• **Work instructions**: Because the copy must hold no pictures, return the data below with all of its words intact.

• **Given data**:
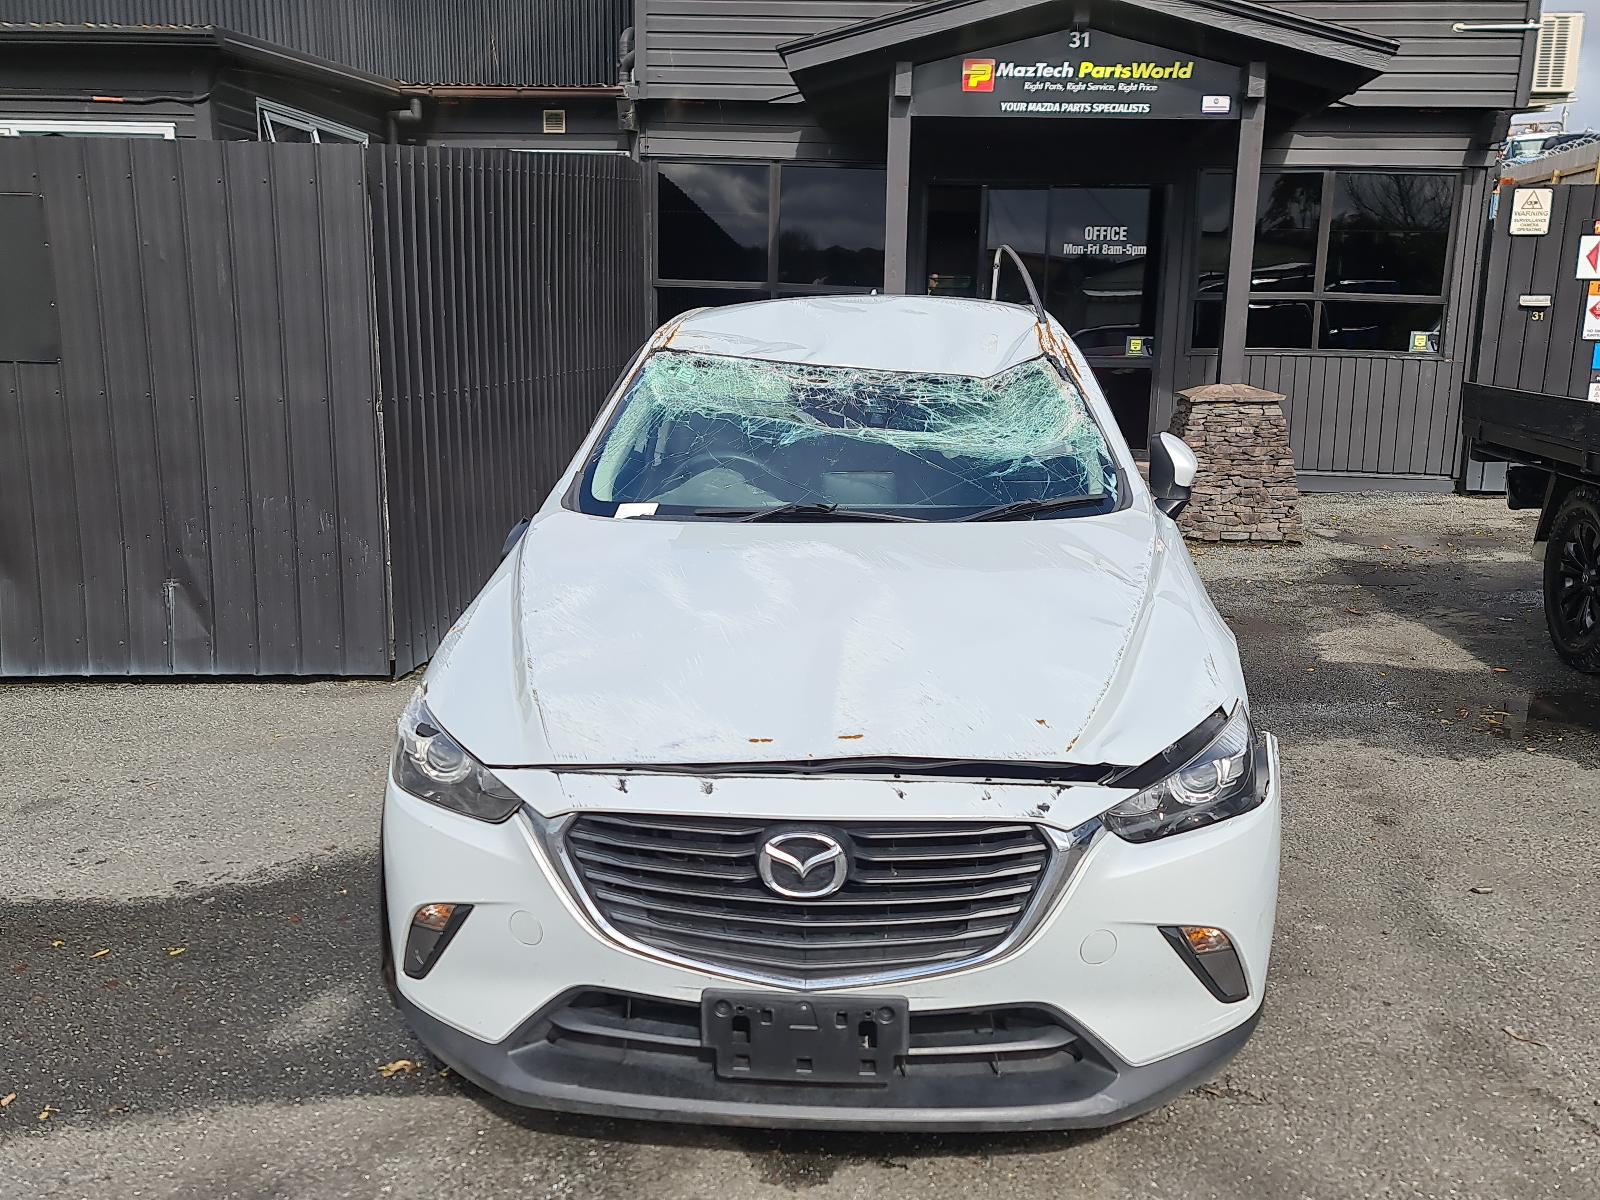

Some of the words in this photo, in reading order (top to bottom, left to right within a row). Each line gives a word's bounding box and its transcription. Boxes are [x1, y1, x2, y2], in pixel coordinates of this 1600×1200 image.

[1068, 31, 1090, 49] 31
[996, 62, 1075, 78] MazTech
[1079, 61, 1195, 79] PartsWorld
[1024, 82, 1044, 93] Right
[1044, 82, 1065, 91] Parts,
[1066, 82, 1087, 93] Right
[1087, 82, 1117, 92] Service,
[1118, 82, 1138, 94] Right
[1138, 82, 1159, 92] Price
[1001, 102, 1027, 112] YOUR
[1027, 102, 1060, 112] MAZDA
[1061, 103, 1092, 113] PARTS
[1092, 103, 1151, 113] SPECIALISTS
[1084, 226, 1128, 241] OFFICE
[1063, 243, 1100, 255] Mon-Fri
[1102, 243, 1147, 257] 8am-5pm
[1531, 311, 1545, 321] 31

• **Finished task**:
Some of the words in this photo, in reading order (top to bottom, left to right within a row). Each line gives a word's bounding box and its transcription. Boxes are [x1, y1, x2, y2], in pixel coordinates of this 1600×1200 image.

[1068, 31, 1090, 49] 31
[996, 62, 1075, 78] MazTech
[1079, 61, 1195, 79] PartsWorld
[1024, 82, 1044, 93] Right
[1044, 82, 1065, 91] Parts,
[1066, 82, 1087, 93] Right
[1087, 82, 1117, 92] Service,
[1118, 82, 1138, 94] Right
[1138, 82, 1159, 92] Price
[1001, 102, 1027, 112] YOUR
[1027, 102, 1060, 112] MAZDA
[1061, 103, 1092, 113] PARTS
[1092, 103, 1151, 113] SPECIALISTS
[1084, 226, 1128, 241] OFFICE
[1063, 243, 1100, 255] Mon-Fri
[1102, 243, 1147, 257] 8am-5pm
[1531, 311, 1545, 321] 31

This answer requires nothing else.